TASK STATEMENT:
Copy the entries without a single change. Pictures should be dropped.

RECORDS FOR THIS TASK:
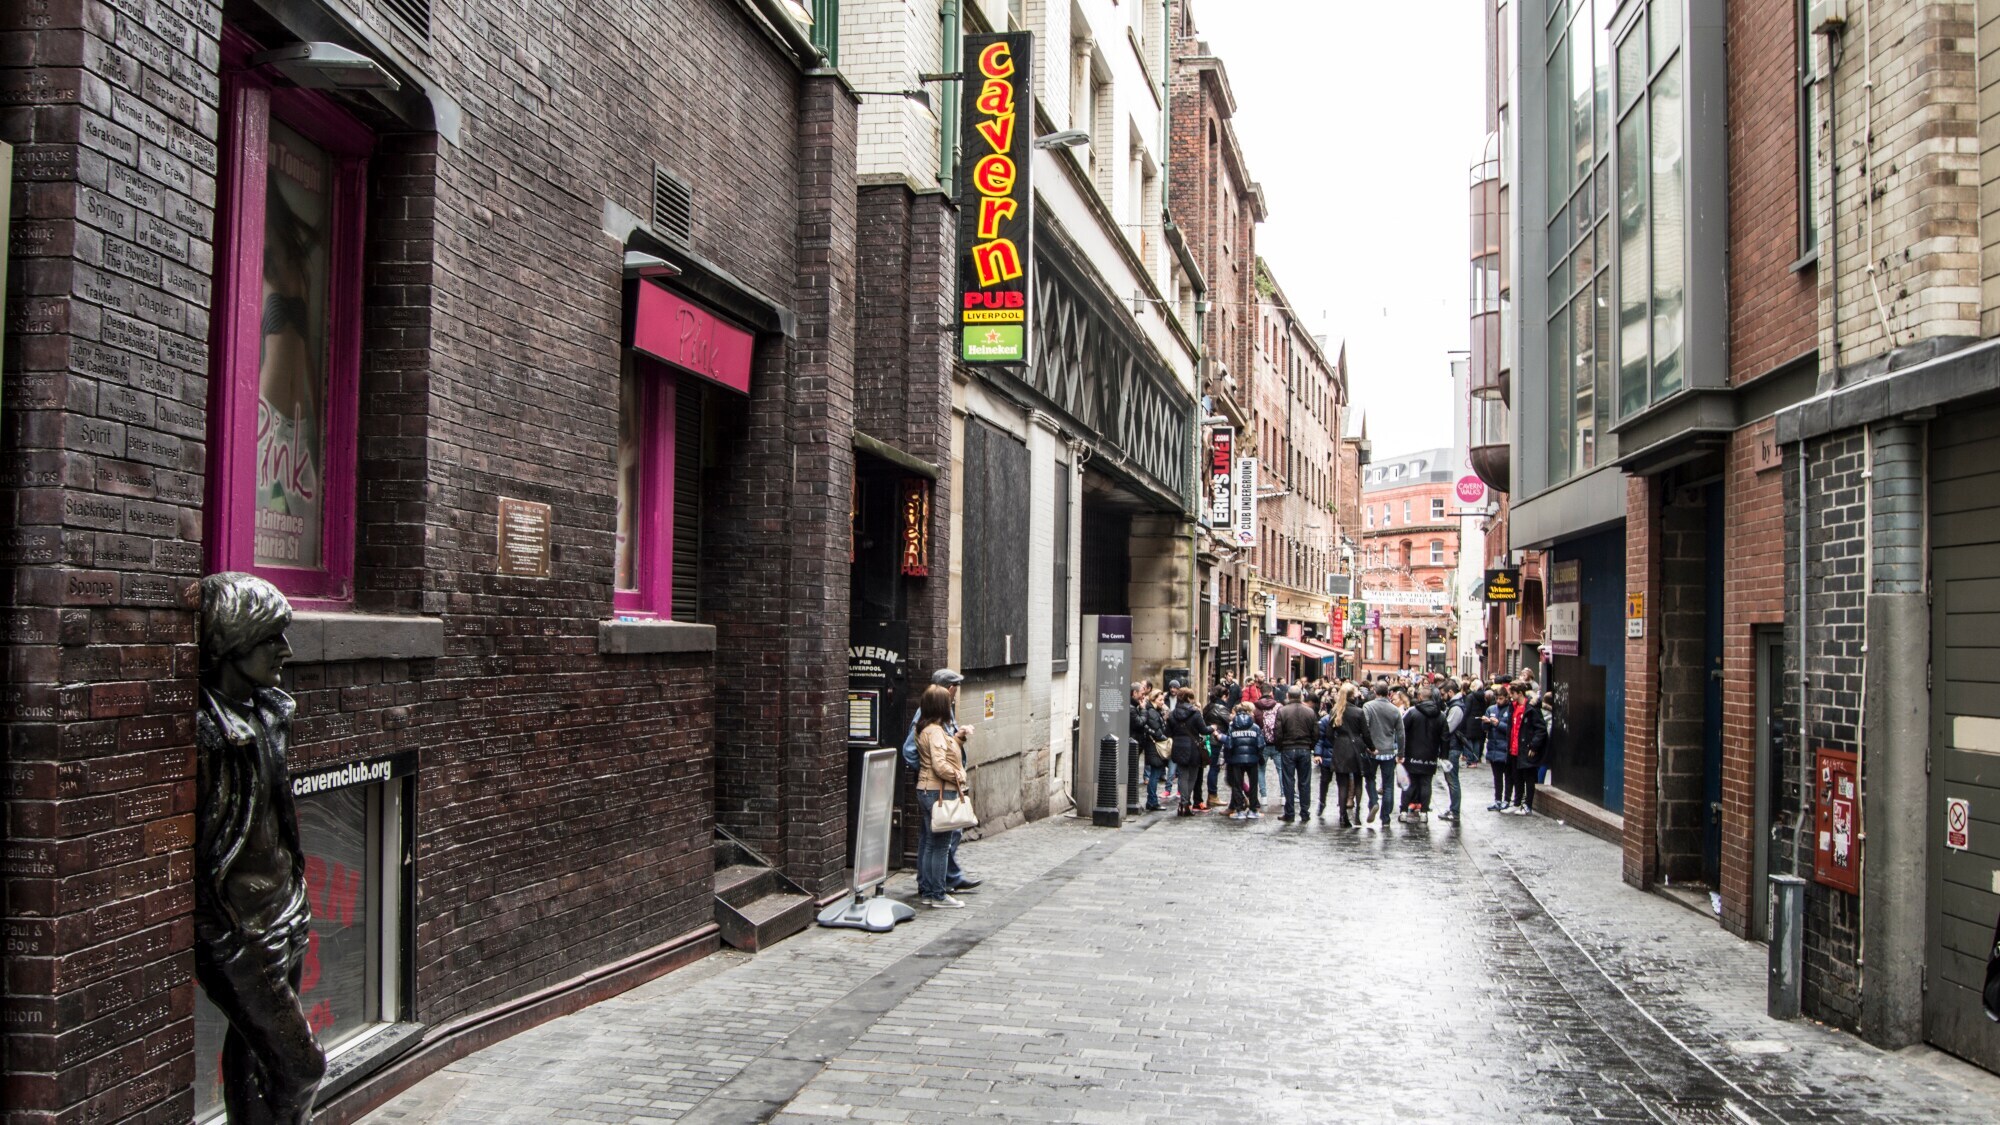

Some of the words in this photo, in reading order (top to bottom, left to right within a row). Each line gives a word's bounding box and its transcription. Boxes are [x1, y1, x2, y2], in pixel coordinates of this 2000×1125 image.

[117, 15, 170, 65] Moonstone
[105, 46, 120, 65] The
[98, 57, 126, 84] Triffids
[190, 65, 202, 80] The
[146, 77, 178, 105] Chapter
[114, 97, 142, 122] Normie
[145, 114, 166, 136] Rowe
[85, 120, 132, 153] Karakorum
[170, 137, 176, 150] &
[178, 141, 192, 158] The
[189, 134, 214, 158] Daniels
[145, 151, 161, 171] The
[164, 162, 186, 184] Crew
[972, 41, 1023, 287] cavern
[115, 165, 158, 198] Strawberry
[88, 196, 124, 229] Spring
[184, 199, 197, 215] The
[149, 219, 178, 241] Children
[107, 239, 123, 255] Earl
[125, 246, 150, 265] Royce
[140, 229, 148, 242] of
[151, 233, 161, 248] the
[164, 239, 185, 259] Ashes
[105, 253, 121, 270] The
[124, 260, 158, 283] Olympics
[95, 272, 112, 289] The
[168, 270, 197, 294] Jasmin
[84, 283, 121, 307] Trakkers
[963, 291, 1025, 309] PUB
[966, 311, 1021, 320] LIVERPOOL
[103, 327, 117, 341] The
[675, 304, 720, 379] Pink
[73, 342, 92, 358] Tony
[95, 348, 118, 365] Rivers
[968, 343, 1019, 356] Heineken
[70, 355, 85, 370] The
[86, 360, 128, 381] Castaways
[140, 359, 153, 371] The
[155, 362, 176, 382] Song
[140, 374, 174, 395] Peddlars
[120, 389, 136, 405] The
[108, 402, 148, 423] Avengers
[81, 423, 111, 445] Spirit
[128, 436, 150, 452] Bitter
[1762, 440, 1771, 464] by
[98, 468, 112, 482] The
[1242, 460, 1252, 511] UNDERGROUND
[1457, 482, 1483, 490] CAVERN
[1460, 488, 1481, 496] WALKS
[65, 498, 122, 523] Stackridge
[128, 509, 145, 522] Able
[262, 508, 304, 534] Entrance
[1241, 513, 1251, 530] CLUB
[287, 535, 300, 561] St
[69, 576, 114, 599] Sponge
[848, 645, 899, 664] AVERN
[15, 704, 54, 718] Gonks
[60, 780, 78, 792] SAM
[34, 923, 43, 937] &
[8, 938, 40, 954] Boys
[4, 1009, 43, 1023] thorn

RESPONSE TO THE TASK:
Some of the words in this photo, in reading order (top to bottom, left to right within a row). Each line gives a word's bounding box and its transcription. Boxes are [x1, y1, x2, y2], in pixel coordinates of this 2000×1125 image.

[117, 15, 170, 65] Moonstone
[105, 46, 120, 65] The
[98, 57, 126, 84] Triffids
[190, 65, 202, 80] The
[146, 77, 178, 105] Chapter
[114, 97, 142, 122] Normie
[145, 114, 166, 136] Rowe
[85, 120, 132, 153] Karakorum
[170, 137, 176, 150] &
[178, 141, 192, 158] The
[189, 134, 214, 158] Daniels
[145, 151, 161, 171] The
[164, 162, 186, 184] Crew
[972, 41, 1023, 287] cavern
[115, 165, 158, 198] Strawberry
[88, 196, 124, 229] Spring
[184, 199, 197, 215] The
[149, 219, 178, 241] Children
[107, 239, 123, 255] Earl
[125, 246, 150, 265] Royce
[140, 229, 148, 242] of
[151, 233, 161, 248] the
[164, 239, 185, 259] Ashes
[105, 253, 121, 270] The
[124, 260, 158, 283] Olympics
[95, 272, 112, 289] The
[168, 270, 197, 294] Jasmin
[84, 283, 121, 307] Trakkers
[963, 291, 1025, 309] PUB
[966, 311, 1021, 320] LIVERPOOL
[103, 327, 117, 341] The
[675, 304, 720, 379] Pink
[73, 342, 92, 358] Tony
[95, 348, 118, 365] Rivers
[968, 343, 1019, 356] Heineken
[70, 355, 85, 370] The
[86, 360, 128, 381] Castaways
[140, 359, 153, 371] The
[155, 362, 176, 382] Song
[140, 374, 174, 395] Peddlars
[120, 389, 136, 405] The
[108, 402, 148, 423] Avengers
[81, 423, 111, 445] Spirit
[128, 436, 150, 452] Bitter
[1762, 440, 1771, 464] by
[98, 468, 112, 482] The
[1242, 460, 1252, 511] UNDERGROUND
[1457, 482, 1483, 490] CAVERN
[1460, 488, 1481, 496] WALKS
[65, 498, 122, 523] Stackridge
[128, 509, 145, 522] Able
[262, 508, 304, 534] Entrance
[1241, 513, 1251, 530] CLUB
[287, 535, 300, 561] St
[69, 576, 114, 599] Sponge
[848, 645, 899, 664] AVERN
[15, 704, 54, 718] Gonks
[60, 780, 78, 792] SAM
[34, 923, 43, 937] &
[8, 938, 40, 954] Boys
[4, 1009, 43, 1023] thorn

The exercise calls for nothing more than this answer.